XII

La asamblea en la Cooperativa fue un tumulto como era de esperar; el sector abertzale más combativo forzó una votación para parar la actividad y acudir en masa al funeral de Gorka Gaztambide. Izaskun votó a favor. Al fin y al cabo era un muchacho del pueblo, un vecino, muerto a tiros. Era un joven abertzale, así que era obvio que le habían matado los fascistas. No obstante, en su fuero interno, Izaskun tenía sus dudas. Si hubiera sido hace diez o doce años estaría segura, pensó mientras iba hacia el aparcamiento, pero ahora… las cosas no están así. No tienen necesidad de esto, salvo que el chico fuera importante por alguna razón.

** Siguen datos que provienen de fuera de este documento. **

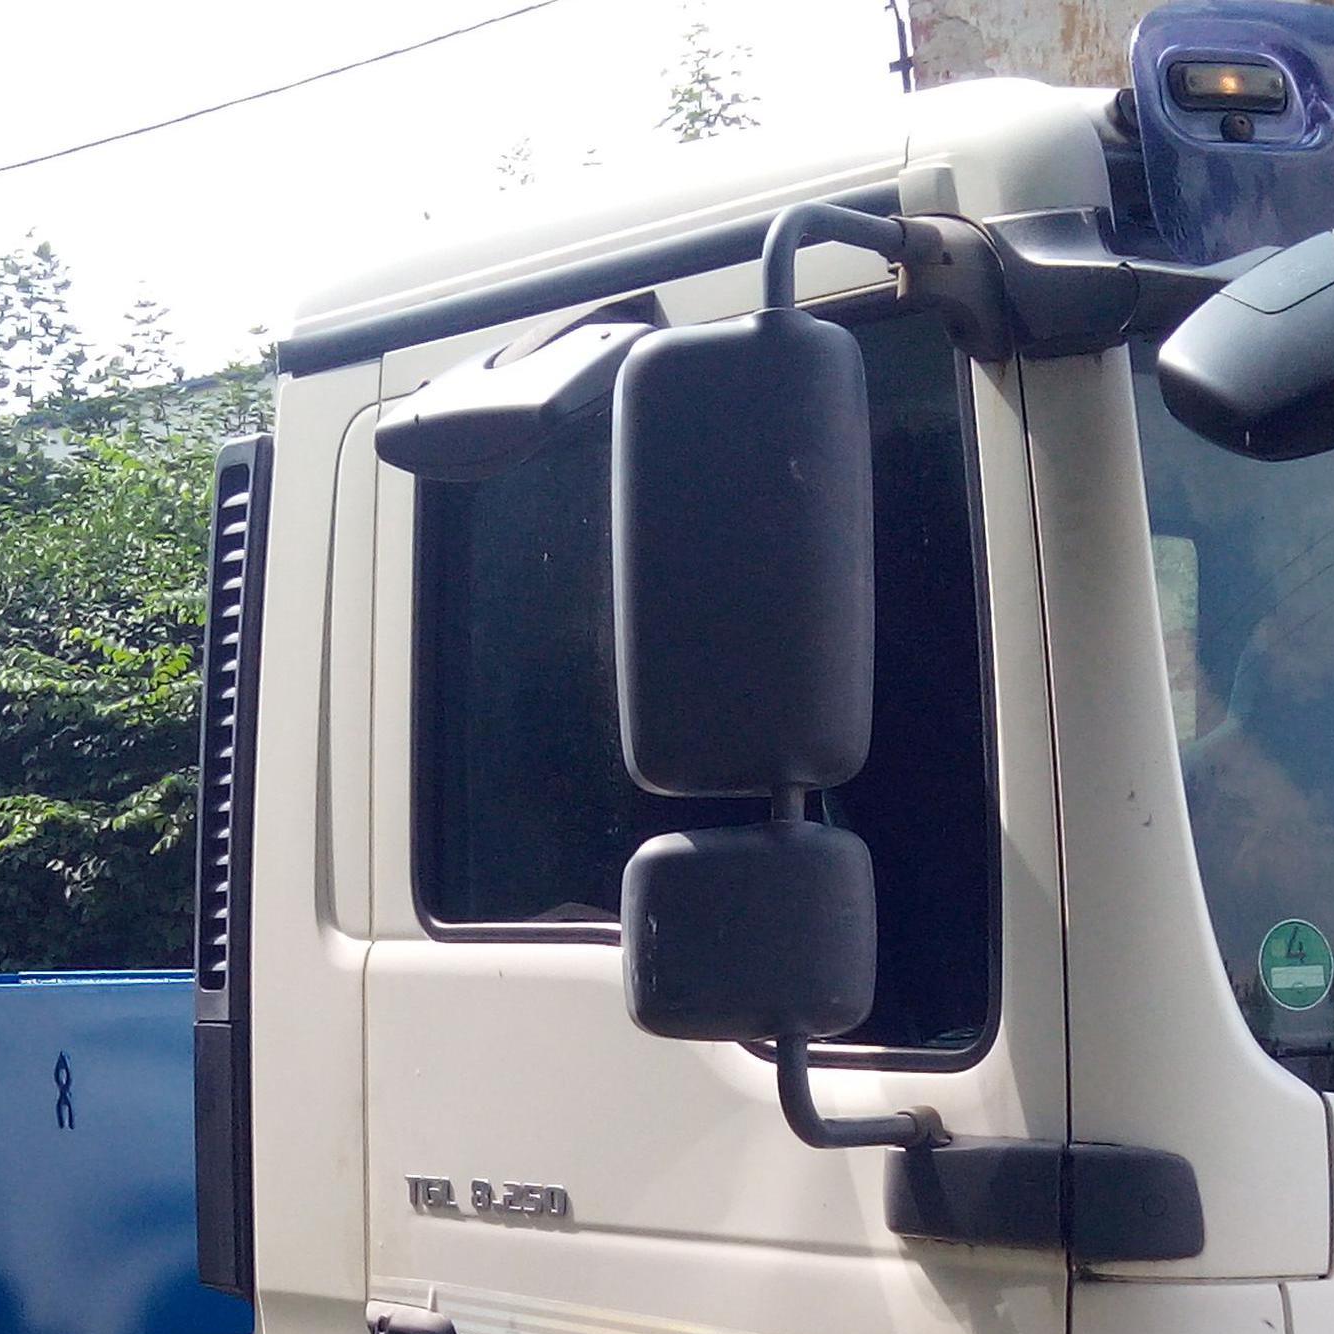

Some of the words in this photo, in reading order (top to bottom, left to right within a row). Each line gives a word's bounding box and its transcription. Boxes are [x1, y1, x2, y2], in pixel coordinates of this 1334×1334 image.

[1286, 926, 1306, 963] 4
[405, 1174, 458, 1207] TGL
[471, 1178, 568, 1216] 8.250

Los periódicos abordaban la cuestión cada uno a su manera. Unos apuntaban la tesis del «ajuste de cuentas», que el muchacho andaba metido en algo sucio. Otros hablaban sin más de «terrorismo de Estado» y proclamaban que era un héroe. E incluso un diario esgrimía la tesis de que ETA se había equivocado de objetivo. Izaskun condujo despacio hacia su casa todavía con la precaución de mirar tras ella. Le quedaba el tiempo justo de cambiarse de ropa y acudir a la plaza desde donde saldría la comitiva hacia el cementerio nuevo.

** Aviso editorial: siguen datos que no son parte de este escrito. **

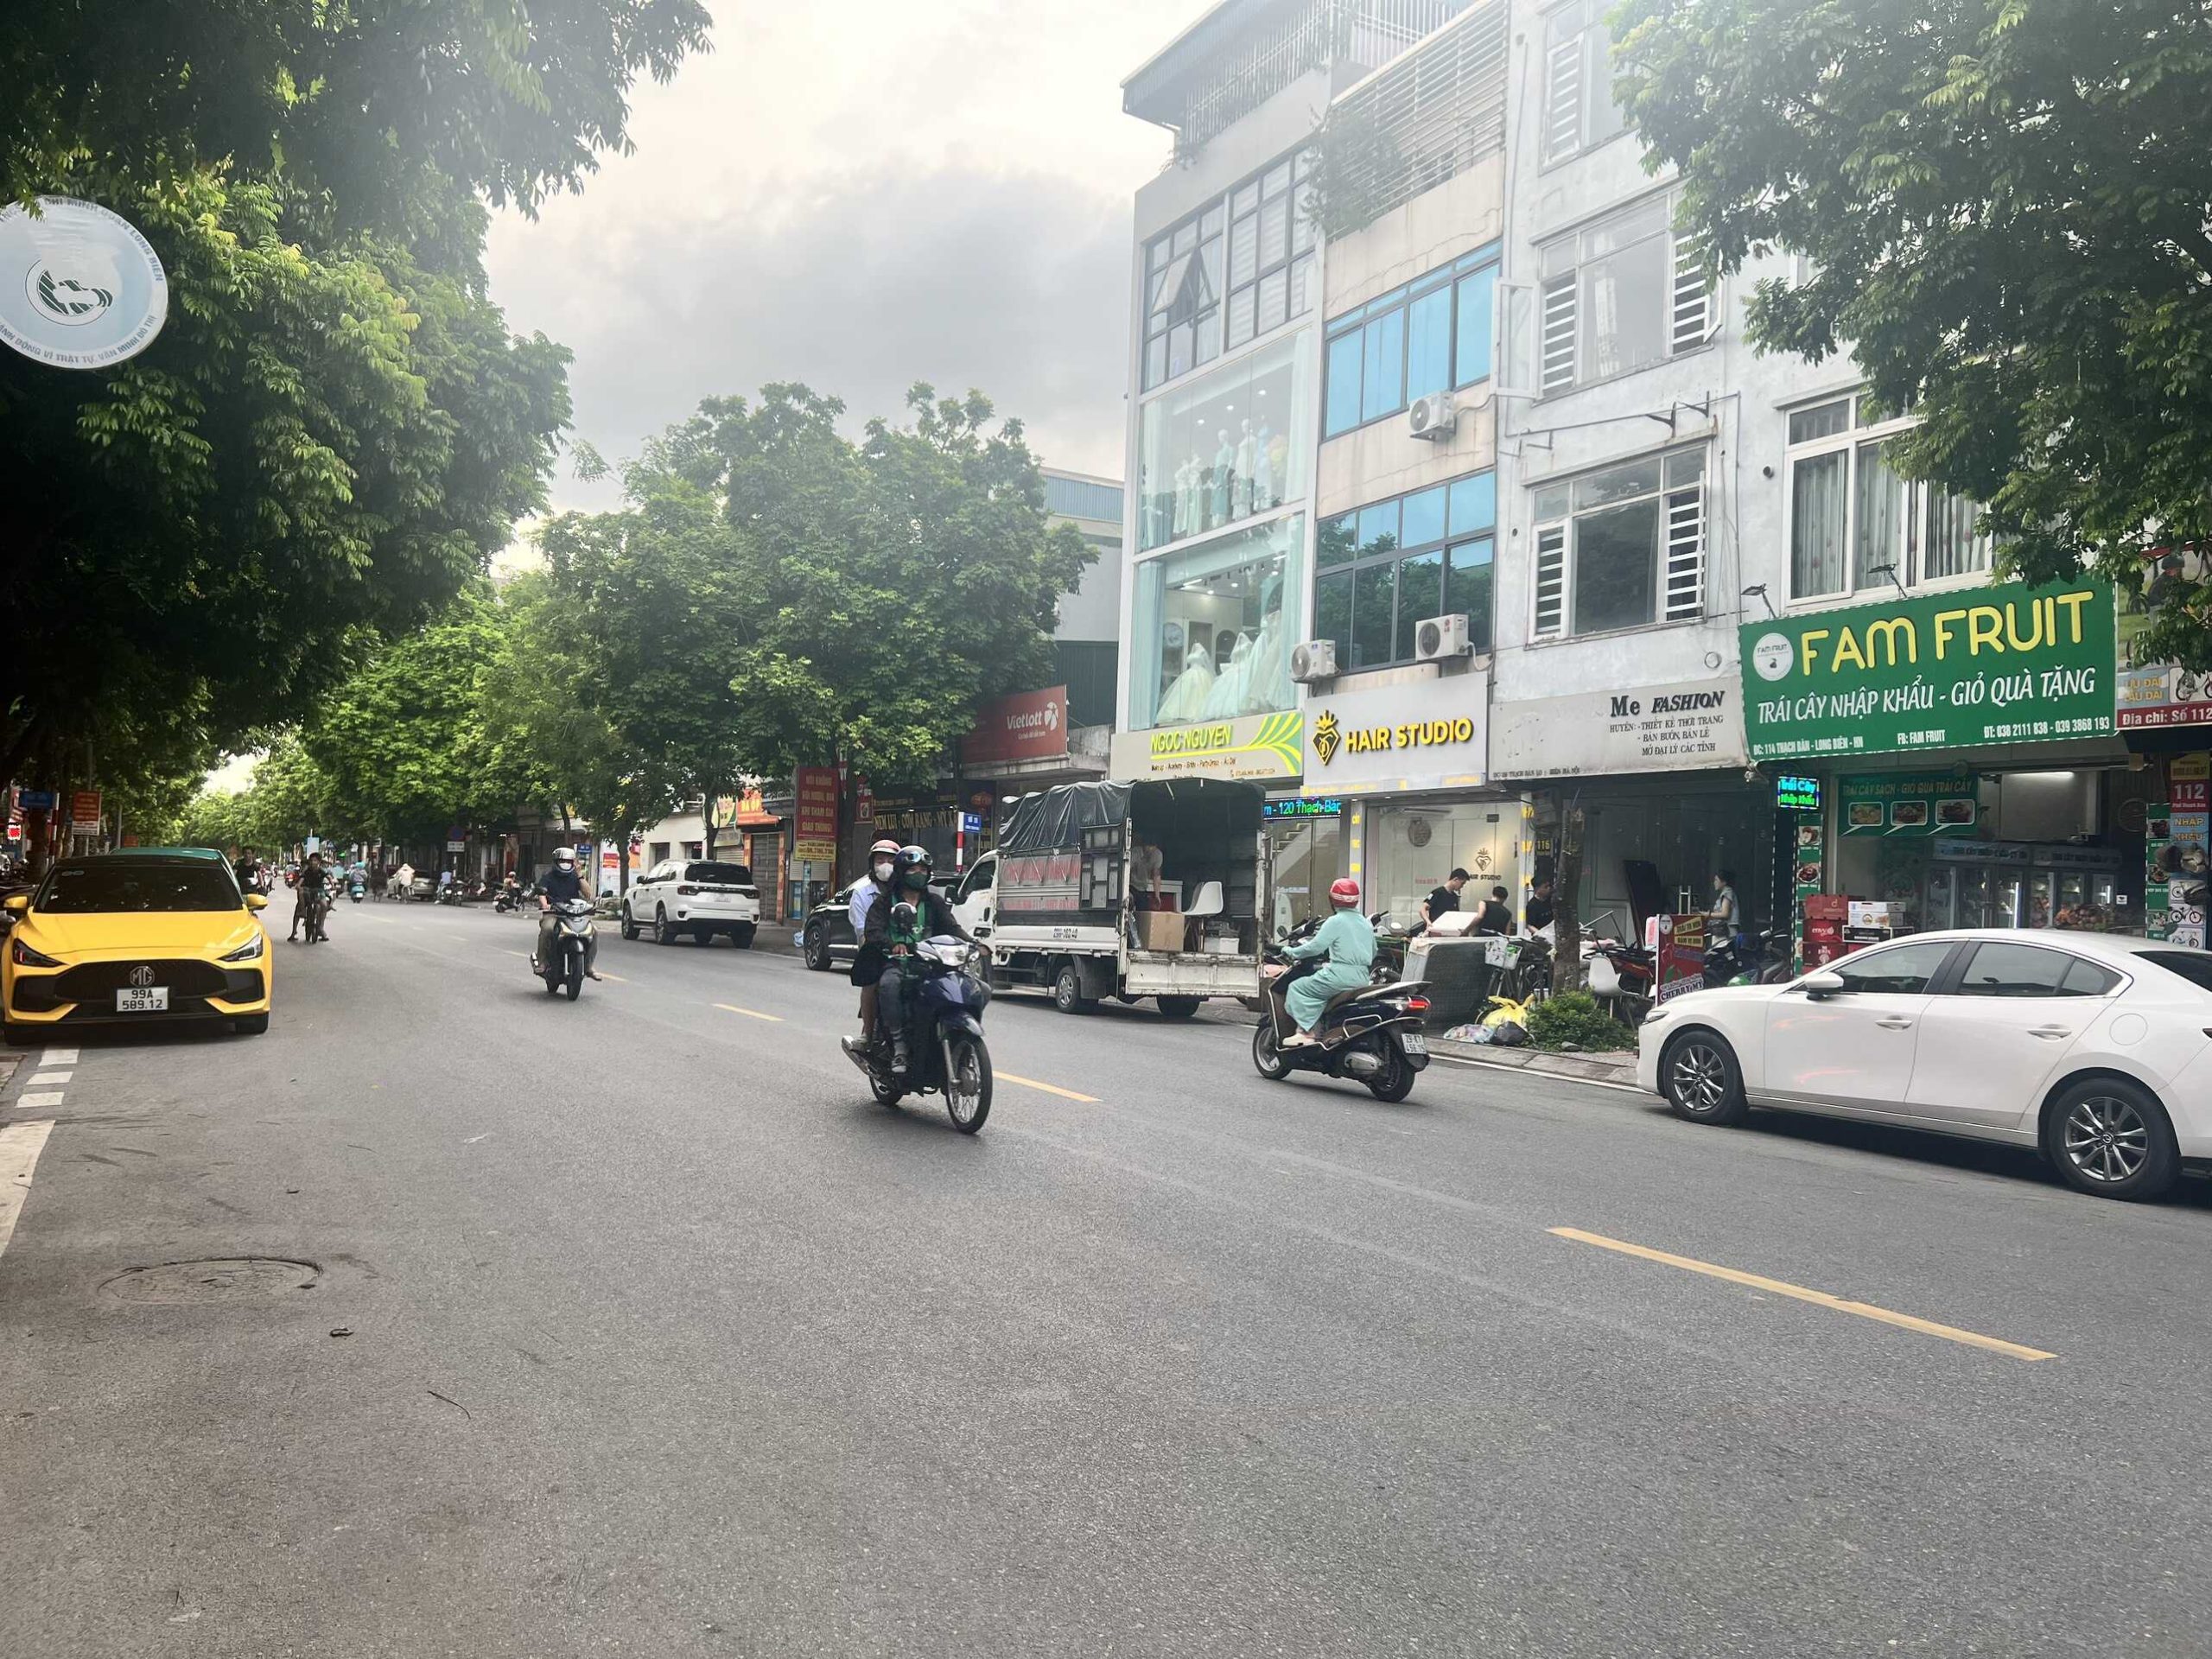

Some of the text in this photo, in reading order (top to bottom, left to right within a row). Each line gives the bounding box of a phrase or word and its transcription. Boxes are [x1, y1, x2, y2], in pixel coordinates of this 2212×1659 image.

[130, 229, 154, 256] LONG
[1802, 591, 2094, 677] FAM FRUIT
[1758, 695, 1791, 724] TRÁI
[1796, 692, 1827, 721] CÂY
[1831, 691, 1878, 720] NHẬP
[1883, 674, 1935, 713] KHẨU
[1951, 672, 1986, 706] GIỎ
[1990, 668, 2034, 709] QUÀ
[2040, 663, 2096, 702] TẶNG
[1611, 690, 1726, 717] Me FASHION
[1007, 709, 1042, 729] Vietlott
[1698, 715, 1724, 725] TRANG
[2171, 707, 2188, 721] Số
[2191, 707, 2212, 721] 112
[1997, 724, 2012, 737] 038
[2013, 723, 2031, 736] 2111
[2033, 721, 2048, 734] 838
[2056, 720, 2070, 733] 039
[2072, 718, 2092, 732] 3868
[2094, 716, 2110, 730] 193
[1345, 718, 1475, 753] HAIR STUDIO
[1910, 731, 1924, 743] FAM
[1926, 729, 1946, 742] FRUIT
[1764, 743, 1776, 754] 114
[1815, 739, 1832, 750] LONG
[2174, 783, 2205, 799] 112
[1279, 802, 1294, 814] 120
[131, 967, 153, 986] MG
[131, 988, 154, 999] 99A
[1660, 984, 1692, 1001] CHERRY
[122, 999, 162, 1010] 589.12

Aparcó el coche en la esquina de siempre, y se dirigió al portal buscando ya las llaves en el bolso. Junto a su puerta dos vecinas charlaban en voz baja mientras la observaban.

Kaixo! —saludó una—. Hoy acabas pronto.

—¿Vas al entierro? —preguntó la otra.

Kaixo. Sí. Acabamos de votarlo en la asamblea —dijo mientras metía la llave en la cerradura.

—Ha sido una desgracia —dijo la segunda, más preguntando que afirmando.

—Sí. Lo ha sido. ¿Vais a ir?

—Yo sí —afirmó una.

—Yo tengo que abrir la pelu —se excusó la otra con cierta timidez—. Por cierto, ¿te ha encontrado tu amigo?

—¿Amigo?

—Sí, un chico guapo que preguntaba por ti. Me dijo que no te había encontrado en casa.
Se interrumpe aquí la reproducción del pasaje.